We were greeted with huge amounts of warmth and hospitality - by students, workers and traders, children, mothers in the hospitals with their sick children and people who had lost friends and relatives in the Gulf war and since. Its difficult to believe that these people will once again be casualties of military attacks.


In Fallujah market
One place we visited had special resonance for those of us from the UK. Falluja is a small city on the Euphrates west of Baghdad. In February 1991 its two bridges were targeted by the RAF. One was destroyed but the other remained intact, the bombs hitting instead the nearby market. A large area was reduced to rubble and an estimated 130 died with numerous injured. As we were made welcome and offered tea in the market, we commented to ourselves on how strange this seemed. We felt sure that had Iraq heavily bombed London and the UK and reduced it over the years to a state of crisis, Iraqi visitors would perhaps have received a more hostile reaction in the home counties. But Iraqis understand the difference between a people and its government - something that many in the West seem unable to do.
Ali with his mother Hadiya in Basra Maternity and Paediatric Hospital.

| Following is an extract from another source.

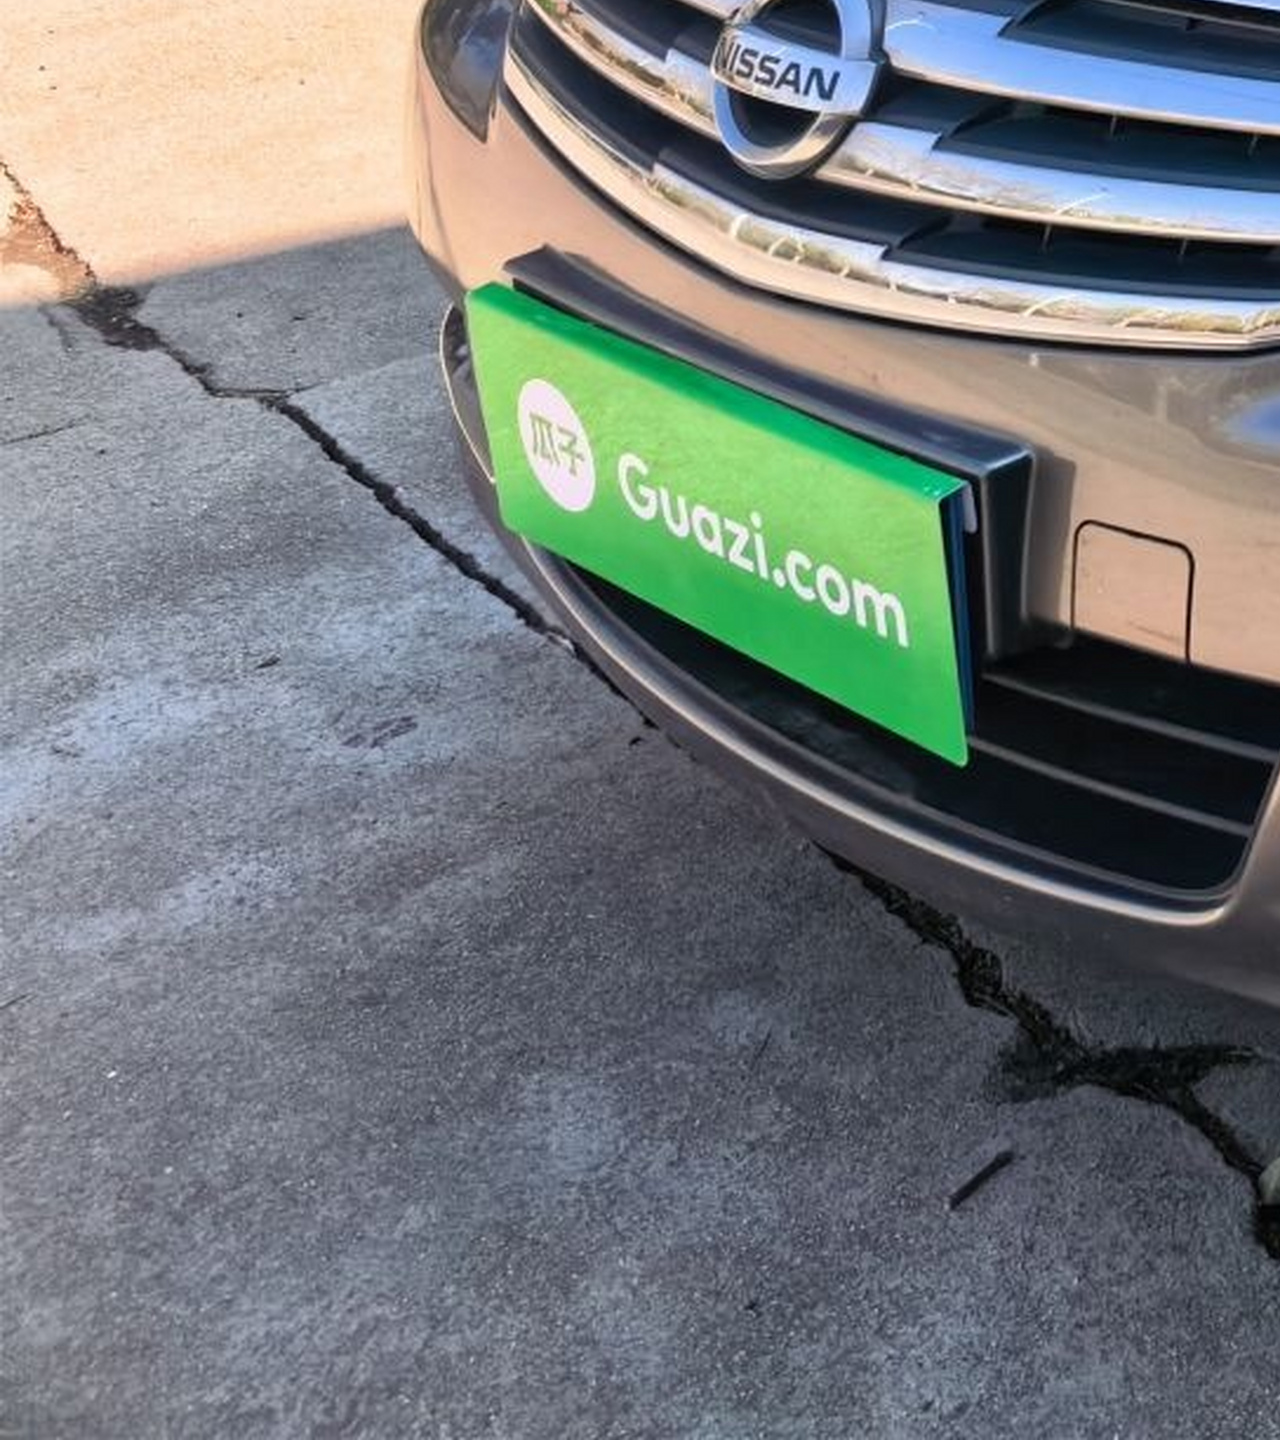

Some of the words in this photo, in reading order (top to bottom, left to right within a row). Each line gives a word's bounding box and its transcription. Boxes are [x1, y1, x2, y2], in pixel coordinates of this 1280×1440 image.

[714, 35, 840, 101] NISSAN
[528, 411, 585, 477] 瓜子
[617, 453, 909, 648] Guazi.com

Now 3 months old, Ali was born prematurely at 7 months. He has a congential deformity affecting his legs and will not be able to walk. Hadiya is unable to breastfeed as a result of physical and psychological health problems and has been bottle feeding. The baby now has gastroenteritis and this is his third hospital admission.

The legacy of war is there in the increased rates, and unusual forms, of cancer, in the congenital malformation of babies that mostly cannot hope to survive.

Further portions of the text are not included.